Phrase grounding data
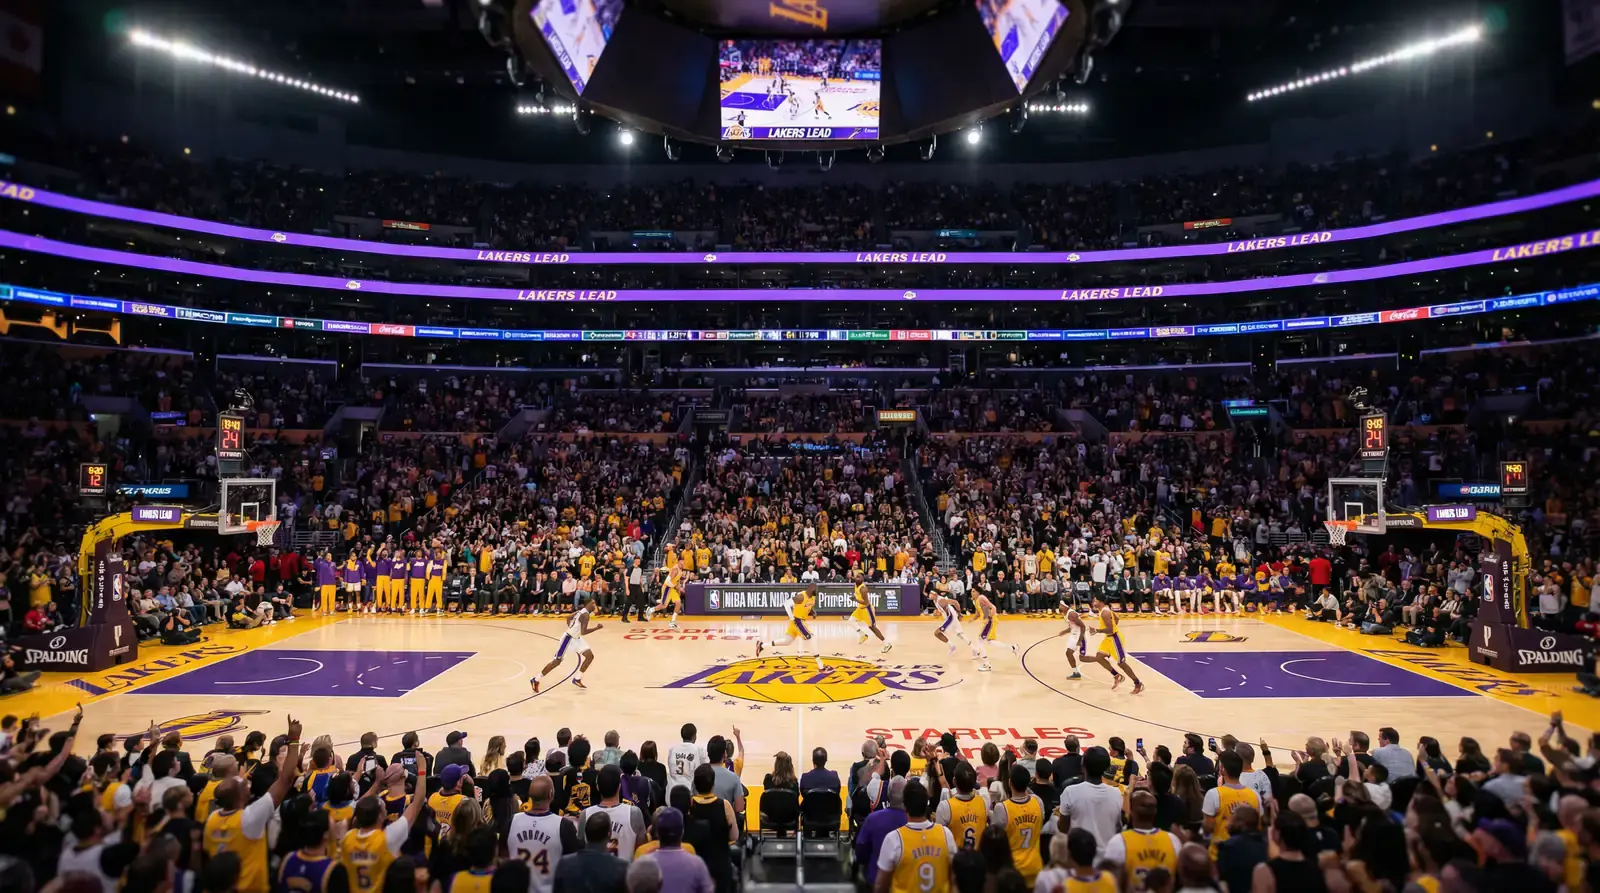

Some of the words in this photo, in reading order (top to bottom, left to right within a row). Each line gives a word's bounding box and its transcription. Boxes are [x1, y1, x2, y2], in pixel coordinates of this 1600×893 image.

[768, 127, 806, 138] LAKERS
[806, 127, 832, 138] LEAD
[1227, 237, 1286, 253] LAKERS
[1291, 232, 1332, 246] LEAD
[1492, 236, 1573, 262] LAKERS
[477, 250, 531, 262] LAKERS
[534, 253, 570, 263] LEAD
[856, 252, 908, 263] LAKERS
[911, 252, 947, 263] LEAD
[517, 290, 576, 301] LAKERS
[579, 290, 617, 301] LEAD
[1060, 288, 1119, 301] LAKERS
[1123, 286, 1163, 298] LEAD
[223, 430, 239, 448] 24
[1366, 430, 1382, 448] 24
[24, 648, 89, 666] SPALDING
[1518, 648, 1585, 666] SPALDING
[64, 645, 250, 698] LAKERS
[645, 664, 965, 692] LAKERS
[1019, 827, 1033, 849] 7
[356, 865, 372, 890] 6
[918, 862, 935, 892] 9
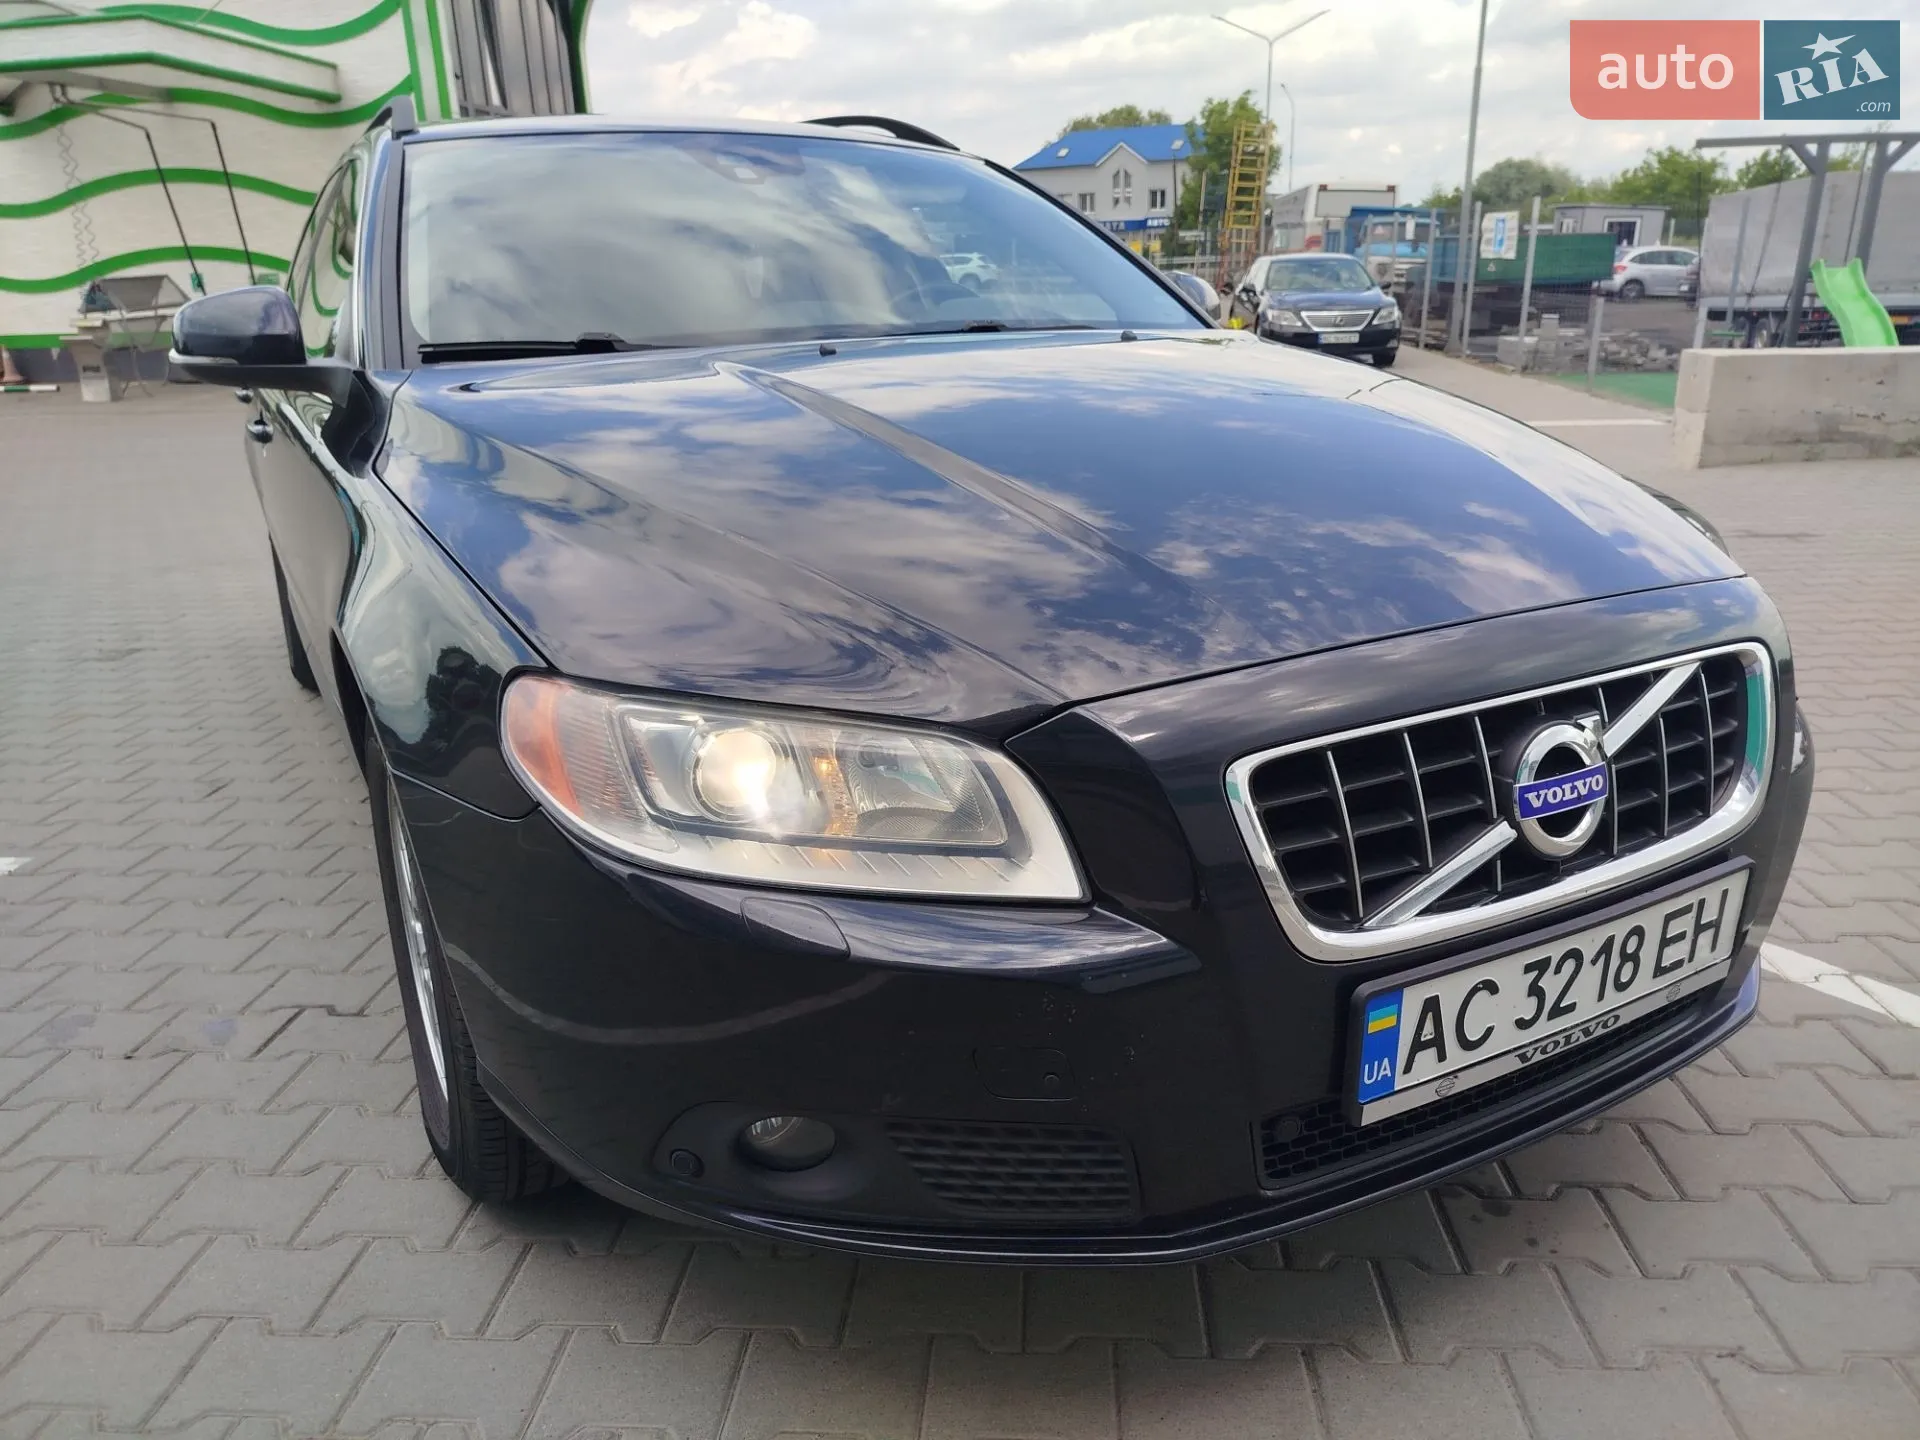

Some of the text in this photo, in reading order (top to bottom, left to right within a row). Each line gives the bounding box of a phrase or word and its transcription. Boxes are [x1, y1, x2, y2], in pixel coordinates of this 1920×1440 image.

[1524, 774, 1604, 809] VOLVO
[1402, 887, 1729, 1075] AC 3218 EH
[1514, 1014, 1621, 1064] VOLVO
[1363, 1057, 1392, 1085] UA
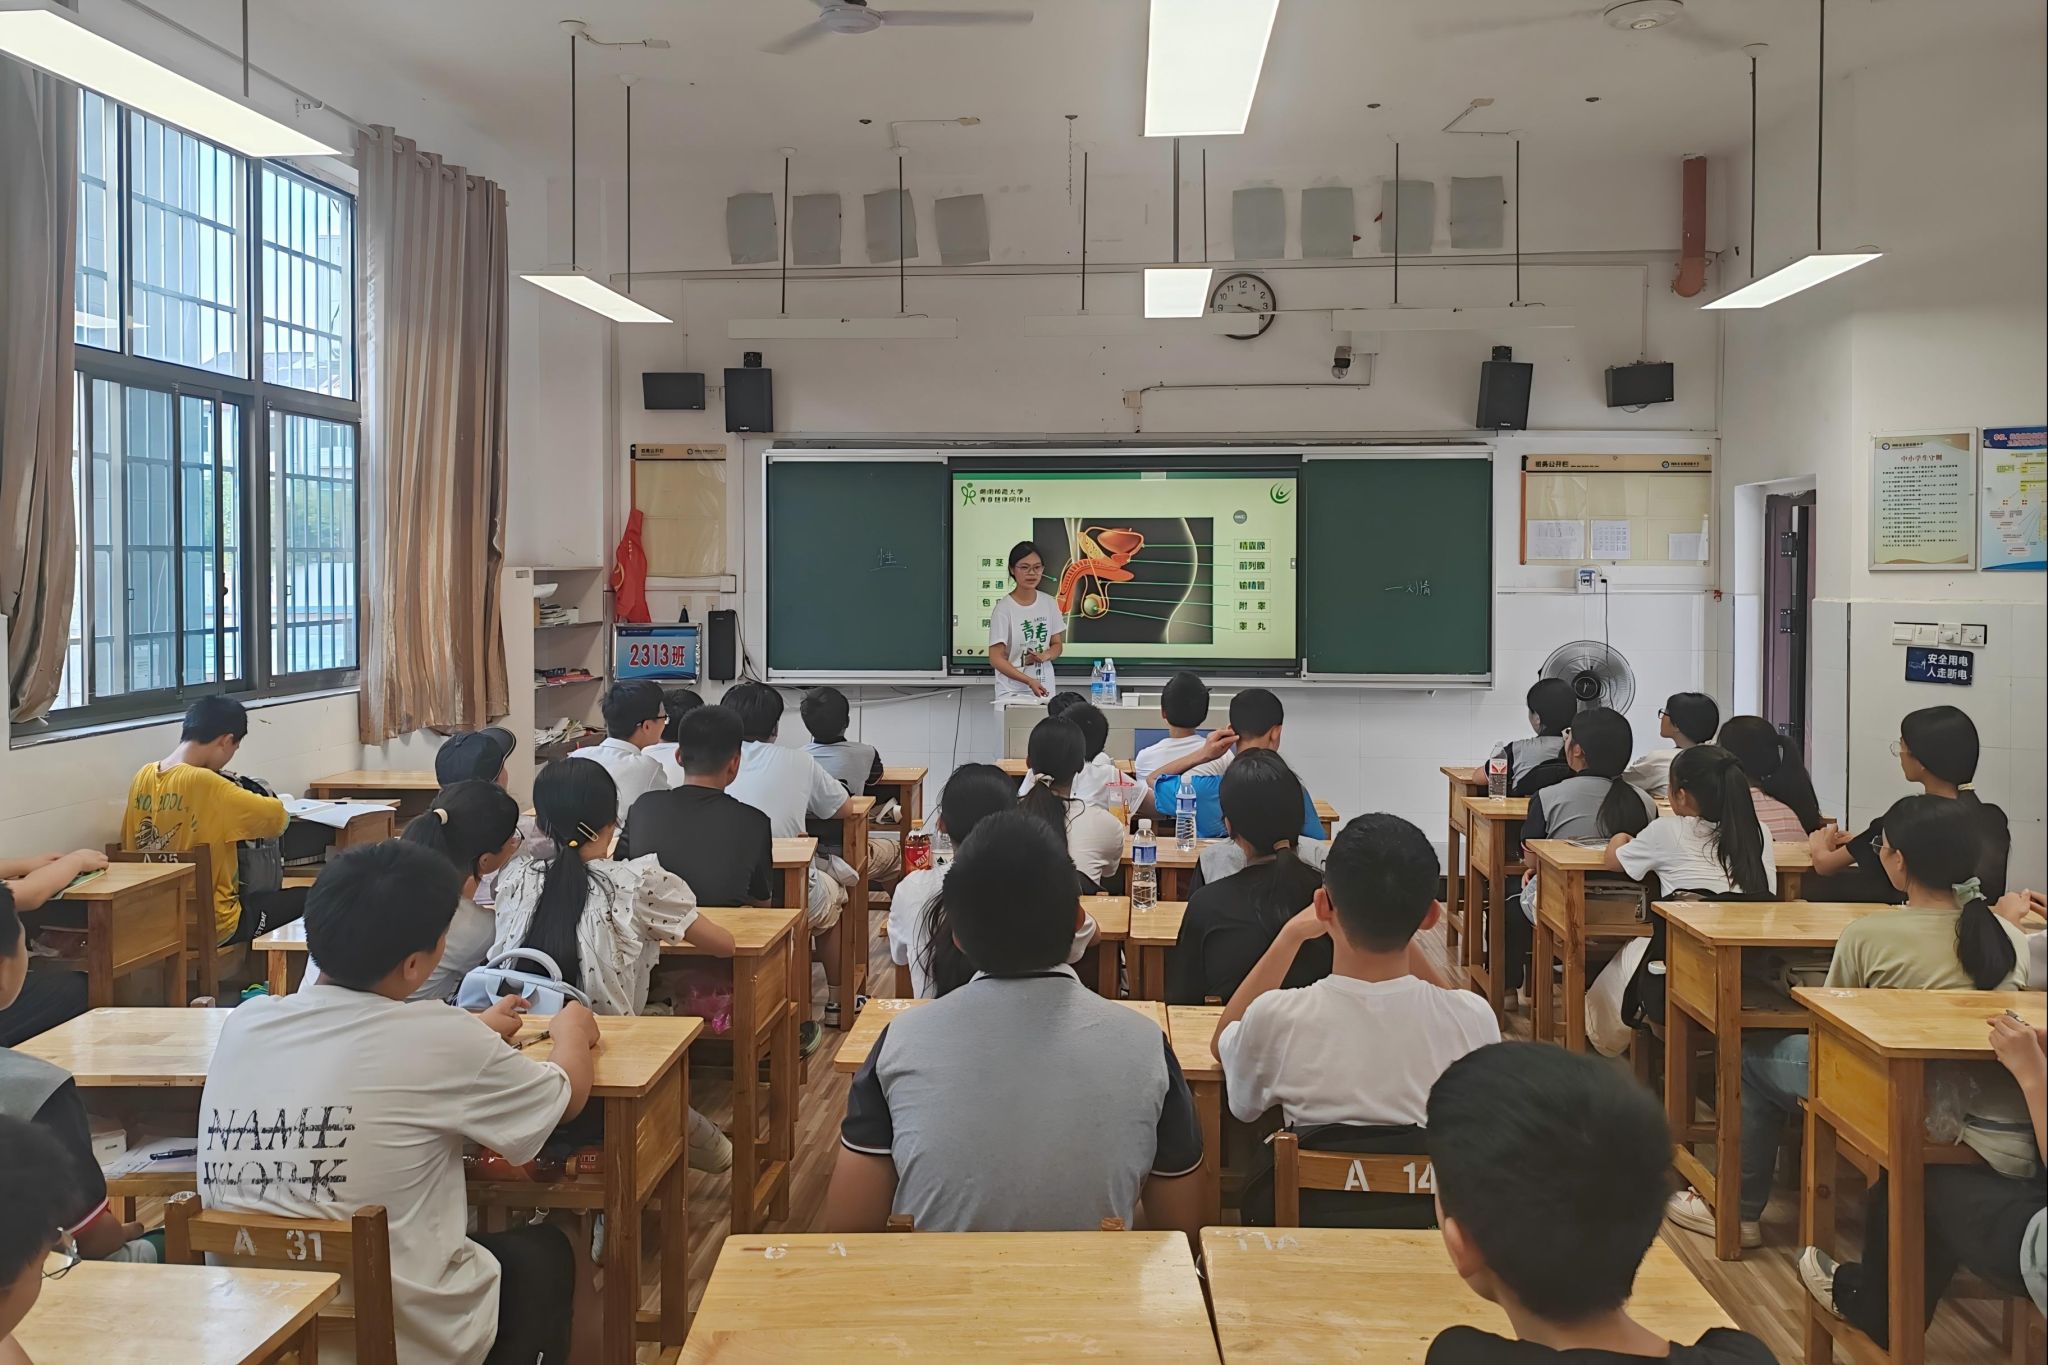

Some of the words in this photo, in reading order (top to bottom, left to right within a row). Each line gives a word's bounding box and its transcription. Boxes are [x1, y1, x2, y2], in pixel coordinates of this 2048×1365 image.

_Your task_. Exclude the pictures and reproduce every entry exactly.

_Answer section_.
Some of the words in this photo, in reading order (top to bottom, left to right within a row). Each line gives a word's bounding box and its transcription. Boxes are [x1, y1, x2, y2], in pixel coordinates of this 1600×893 image.

[768, 127, 806, 138] LAKERS
[806, 127, 832, 138] LEAD
[1227, 237, 1286, 253] LAKERS
[1291, 232, 1332, 246] LEAD
[1492, 236, 1573, 262] LAKERS
[477, 250, 531, 262] LAKERS
[534, 253, 570, 263] LEAD
[856, 252, 908, 263] LAKERS
[911, 252, 947, 263] LEAD
[517, 290, 576, 301] LAKERS
[579, 290, 617, 301] LEAD
[1060, 288, 1119, 301] LAKERS
[1123, 286, 1163, 298] LEAD
[223, 430, 239, 448] 24
[1366, 430, 1382, 448] 24
[24, 648, 89, 666] SPALDING
[1518, 648, 1585, 666] SPALDING
[64, 645, 250, 698] LAKERS
[645, 664, 965, 692] LAKERS
[1019, 827, 1033, 849] 7
[356, 865, 372, 890] 6
[918, 862, 935, 892] 9

Some of the text in this photo, in reading order (top to bottom, left to right within a row). Each line gives the bounding box of a phrase or word and its transcription. Boxes are [x1, y1, x2, y2], in pixel coordinates of this 1920×1440 image.

[1524, 774, 1604, 809] VOLVO
[1402, 887, 1729, 1075] AC 3218 EH
[1514, 1014, 1621, 1064] VOLVO
[1363, 1057, 1392, 1085] UA

Some of the words in this photo, in reading order (top to bottom, left to right within a row). Each line gives a word's bounding box and its transcription. Boxes are [x1, y1, x2, y2], in pixel coordinates of this 2048×1365 image.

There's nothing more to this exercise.